INFORMATION SUPPLIED:
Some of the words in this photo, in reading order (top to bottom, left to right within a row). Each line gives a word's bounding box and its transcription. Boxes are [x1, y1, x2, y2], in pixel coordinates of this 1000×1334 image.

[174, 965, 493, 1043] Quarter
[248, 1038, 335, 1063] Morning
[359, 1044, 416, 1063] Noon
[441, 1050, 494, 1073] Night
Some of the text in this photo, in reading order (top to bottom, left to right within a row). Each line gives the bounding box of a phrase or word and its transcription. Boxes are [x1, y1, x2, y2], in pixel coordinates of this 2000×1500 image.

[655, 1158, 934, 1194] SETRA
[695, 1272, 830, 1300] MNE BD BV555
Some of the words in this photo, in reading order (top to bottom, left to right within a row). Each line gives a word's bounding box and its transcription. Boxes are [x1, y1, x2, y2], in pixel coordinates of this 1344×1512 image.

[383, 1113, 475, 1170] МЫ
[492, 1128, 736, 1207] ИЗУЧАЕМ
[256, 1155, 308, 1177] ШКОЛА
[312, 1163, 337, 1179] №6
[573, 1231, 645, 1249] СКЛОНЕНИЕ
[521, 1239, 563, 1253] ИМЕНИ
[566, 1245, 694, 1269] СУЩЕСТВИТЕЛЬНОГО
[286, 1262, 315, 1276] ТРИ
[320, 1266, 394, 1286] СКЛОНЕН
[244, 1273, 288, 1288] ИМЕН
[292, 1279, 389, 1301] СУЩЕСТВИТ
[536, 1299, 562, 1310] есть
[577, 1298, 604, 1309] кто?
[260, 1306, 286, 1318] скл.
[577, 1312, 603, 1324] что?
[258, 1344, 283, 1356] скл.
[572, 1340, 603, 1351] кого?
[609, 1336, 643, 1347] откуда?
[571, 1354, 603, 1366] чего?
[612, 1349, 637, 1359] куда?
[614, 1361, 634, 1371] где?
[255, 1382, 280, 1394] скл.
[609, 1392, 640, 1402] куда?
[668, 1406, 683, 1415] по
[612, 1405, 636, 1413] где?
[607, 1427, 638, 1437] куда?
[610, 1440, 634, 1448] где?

TASK OBJECTIVE: Copy out the material in its entirety. Keep it exact.

SOLVED PROBLEM:
Some of the words in this photo, in reading order (top to bottom, left to right within a row). Each line gives a word's bounding box and its transcription. Boxes are [x1, y1, x2, y2], in pixel coordinates of this 1000×1334 image.

[174, 965, 493, 1043] Quarter
[248, 1038, 335, 1063] Morning
[359, 1044, 416, 1063] Noon
[441, 1050, 494, 1073] Night
Some of the text in this photo, in reading order (top to bottom, left to right within a row). Each line gives the bounding box of a phrase or word and its transcription. Boxes are [x1, y1, x2, y2], in pixel coordinates of this 2000×1500 image.

[655, 1158, 934, 1194] SETRA
[695, 1272, 830, 1300] MNE BD BV555
Some of the words in this photo, in reading order (top to bottom, left to right within a row). Each line gives a word's bounding box and its transcription. Boxes are [x1, y1, x2, y2], in pixel coordinates of this 1344×1512 image.

[383, 1113, 475, 1170] МЫ
[492, 1128, 736, 1207] ИЗУЧАЕМ
[256, 1155, 308, 1177] ШКОЛА
[312, 1163, 337, 1179] №6
[573, 1231, 645, 1249] СКЛОНЕНИЕ
[521, 1239, 563, 1253] ИМЕНИ
[566, 1245, 694, 1269] СУЩЕСТВИТЕЛЬНОГО
[286, 1262, 315, 1276] ТРИ
[320, 1266, 394, 1286] СКЛОНЕН
[244, 1273, 288, 1288] ИМЕН
[292, 1279, 389, 1301] СУЩЕСТВИТ
[536, 1299, 562, 1310] есть
[577, 1298, 604, 1309] кто?
[260, 1306, 286, 1318] скл.
[577, 1312, 603, 1324] что?
[258, 1344, 283, 1356] скл.
[572, 1340, 603, 1351] кого?
[609, 1336, 643, 1347] откуда?
[571, 1354, 603, 1366] чего?
[612, 1349, 637, 1359] куда?
[614, 1361, 634, 1371] где?
[255, 1382, 280, 1394] скл.
[609, 1392, 640, 1402] куда?
[668, 1406, 683, 1415] по
[612, 1405, 636, 1413] где?
[607, 1427, 638, 1437] куда?
[610, 1440, 634, 1448] где?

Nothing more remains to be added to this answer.